> _Required work_: Keep every word of the entries and print them exactly; the pictures stay out.

> _Exercise data_:
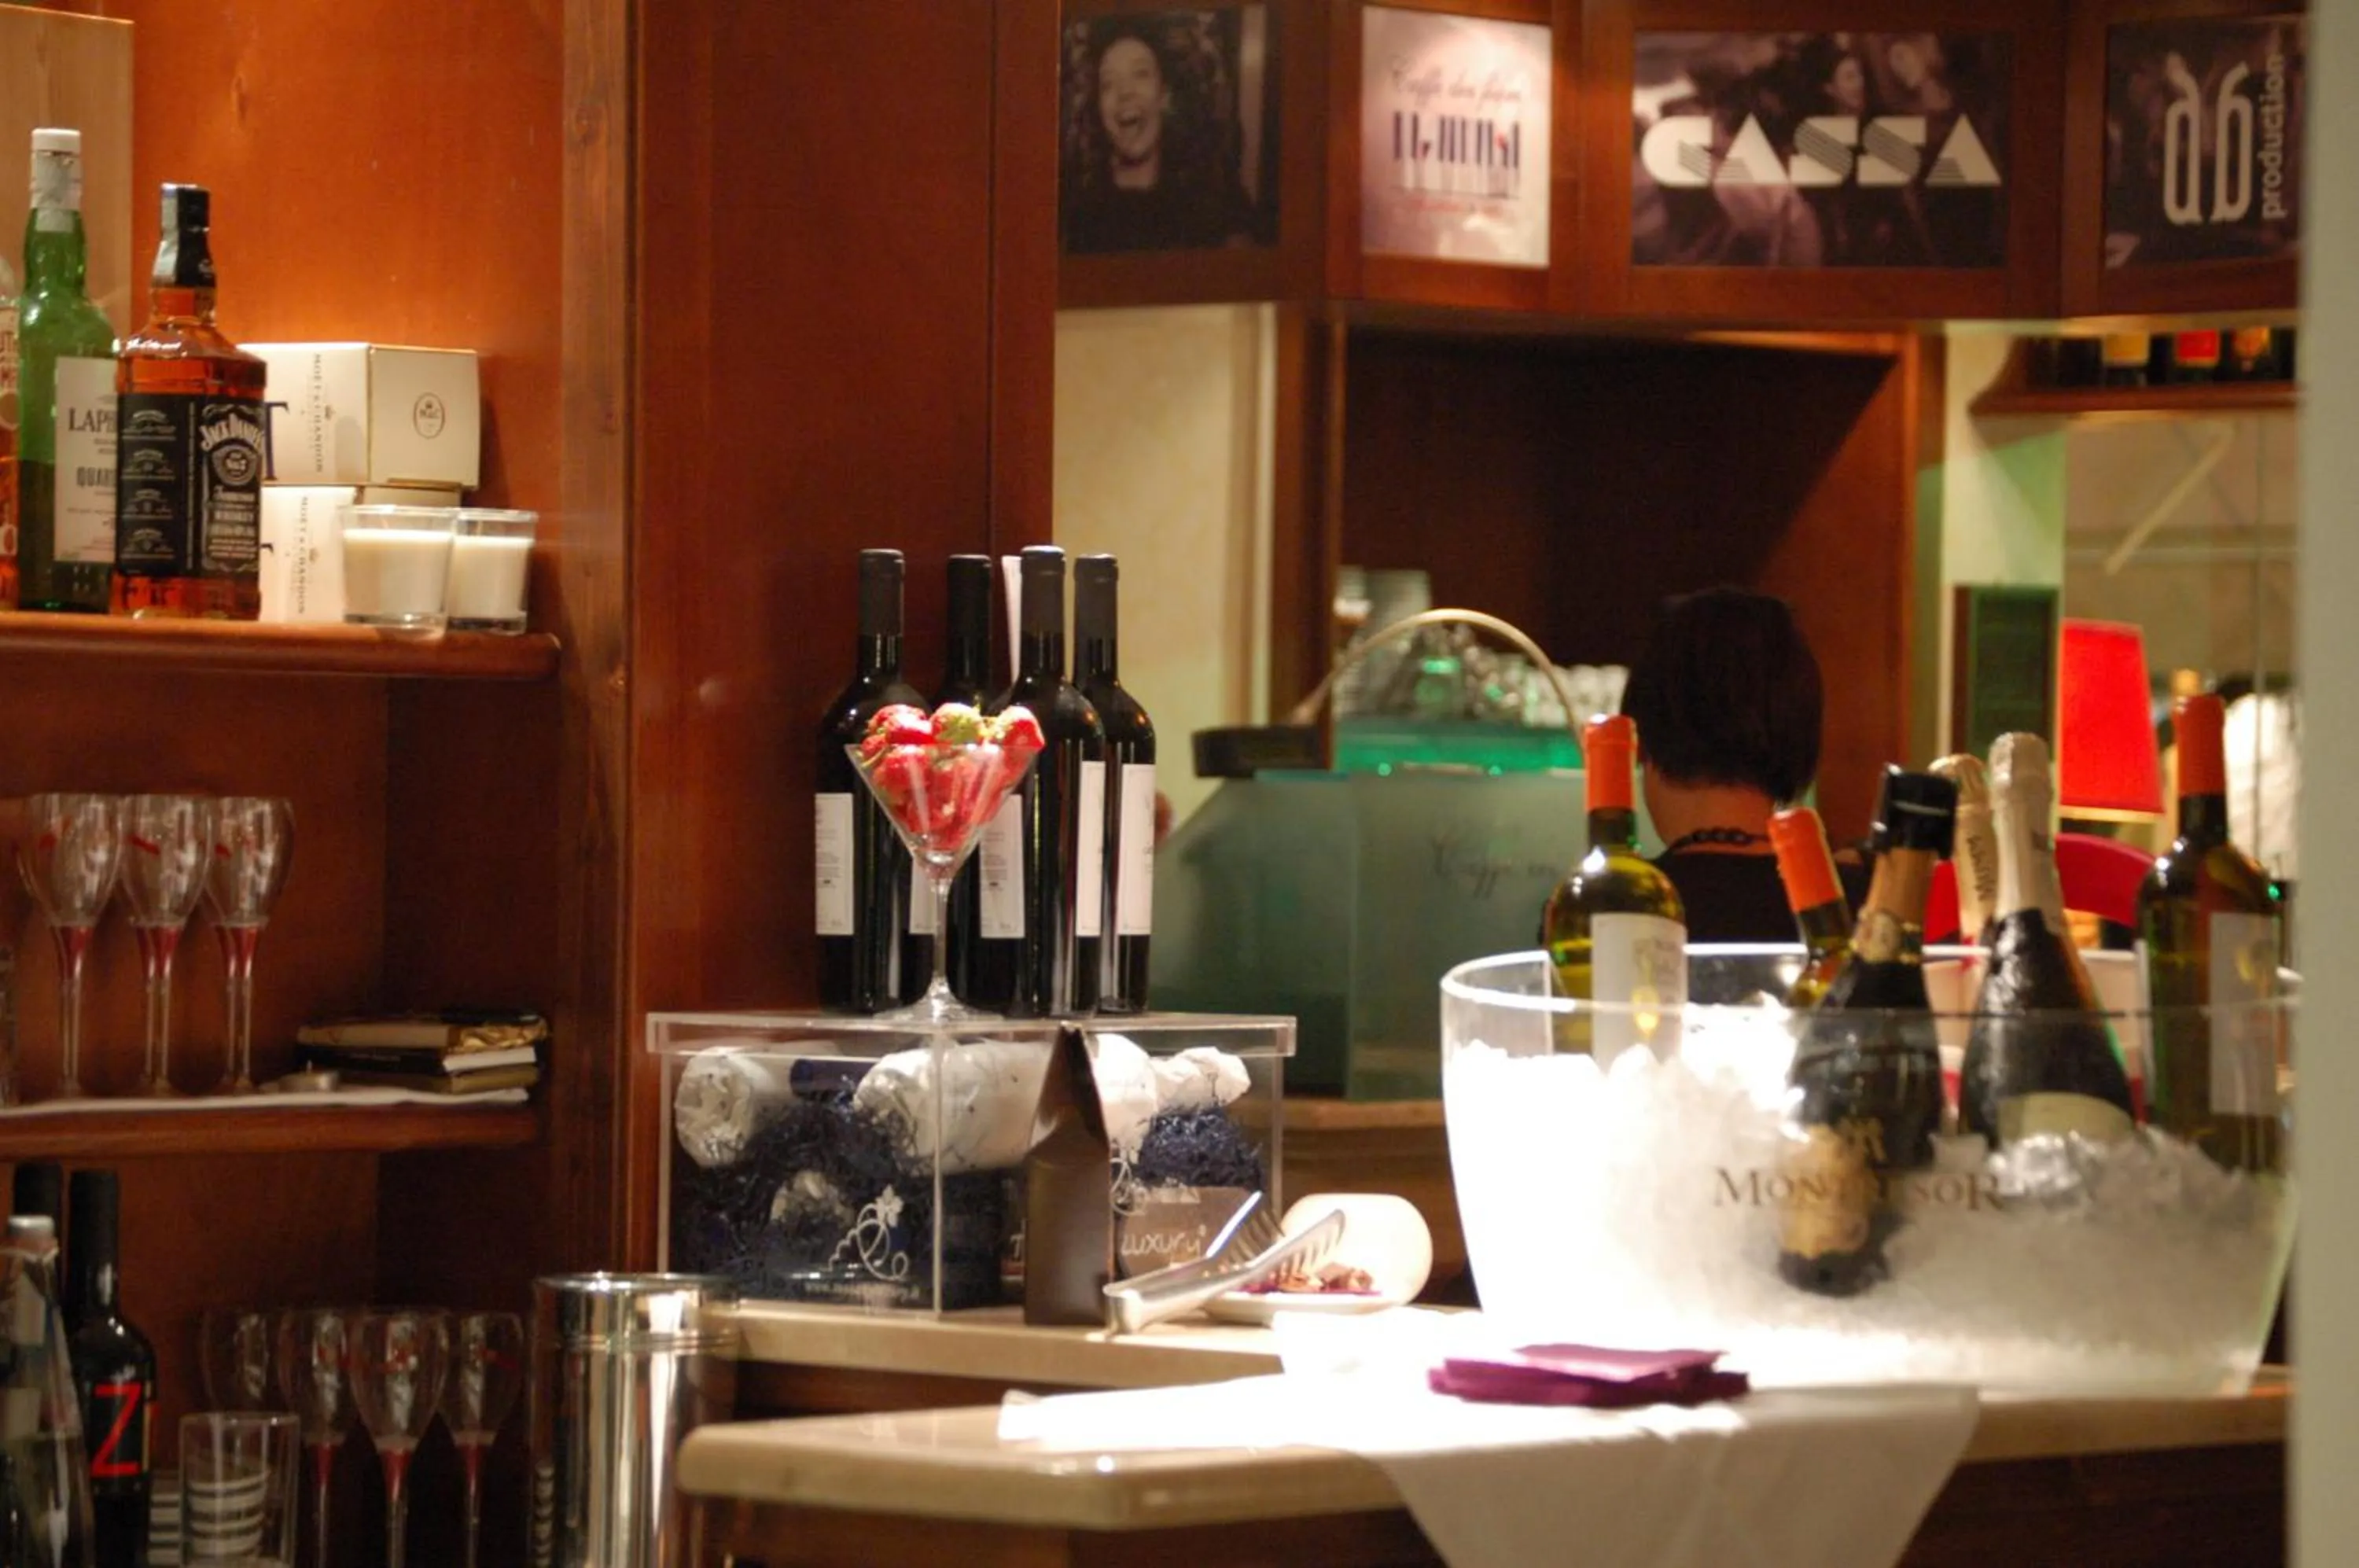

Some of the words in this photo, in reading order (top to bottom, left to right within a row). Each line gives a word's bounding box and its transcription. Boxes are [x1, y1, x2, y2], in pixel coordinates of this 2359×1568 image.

[1641, 112, 2001, 188] CASSA
[2257, 52, 2287, 219] production
[90, 1382, 142, 1478] Z
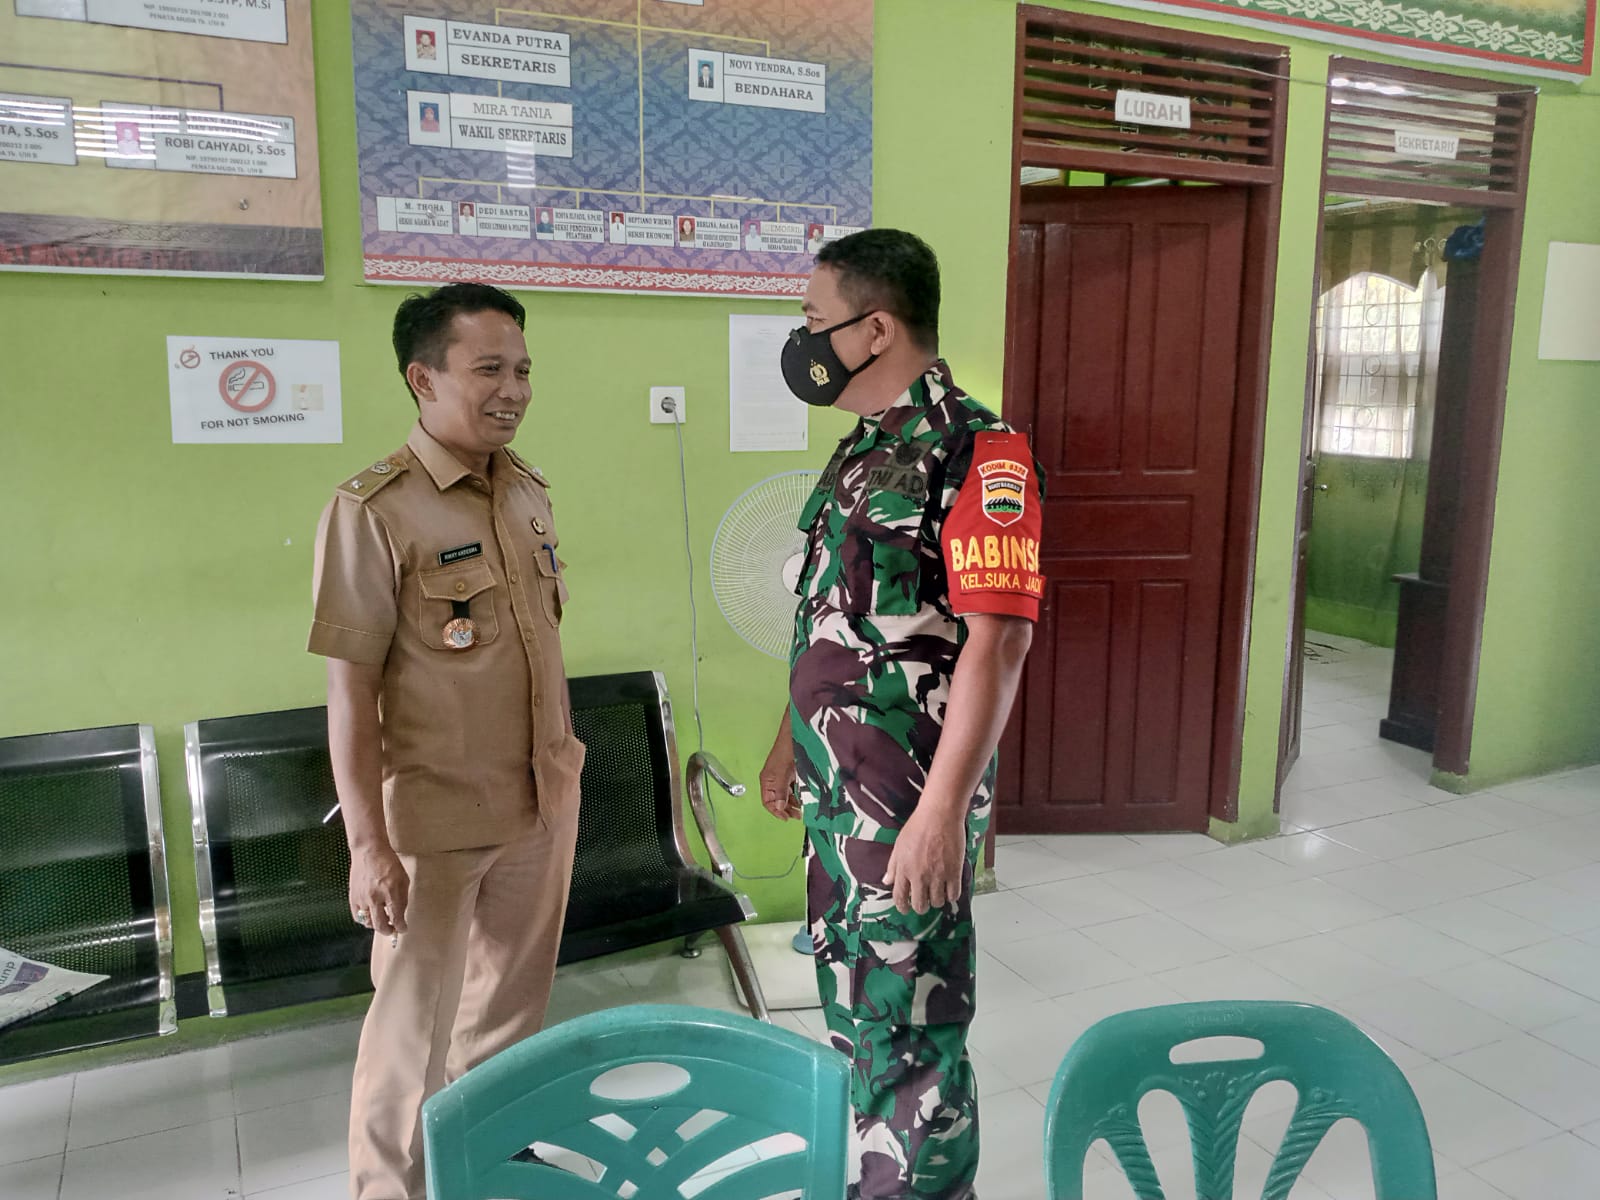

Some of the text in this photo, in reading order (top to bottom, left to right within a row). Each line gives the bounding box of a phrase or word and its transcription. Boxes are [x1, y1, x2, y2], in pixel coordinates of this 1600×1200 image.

> _Answer box_:
Some of the words in this photo, in reading order (top to bottom, left to right within a row). Each line gives a word's bounding box and its transcription. Boxes are [x1, y1, x2, y2], in pixel coordinates of this 2359×1568 image.

[1641, 112, 2001, 188] CASSA
[2257, 52, 2287, 219] production
[90, 1382, 142, 1478] Z

Some of the text in this photo, in reading order (top to bottom, left to right within a row). Each line gives the bounding box of a phrase or word and its transcription. Boxes are [x1, y1, x2, y2], in pixel coordinates of this 1600×1200 image.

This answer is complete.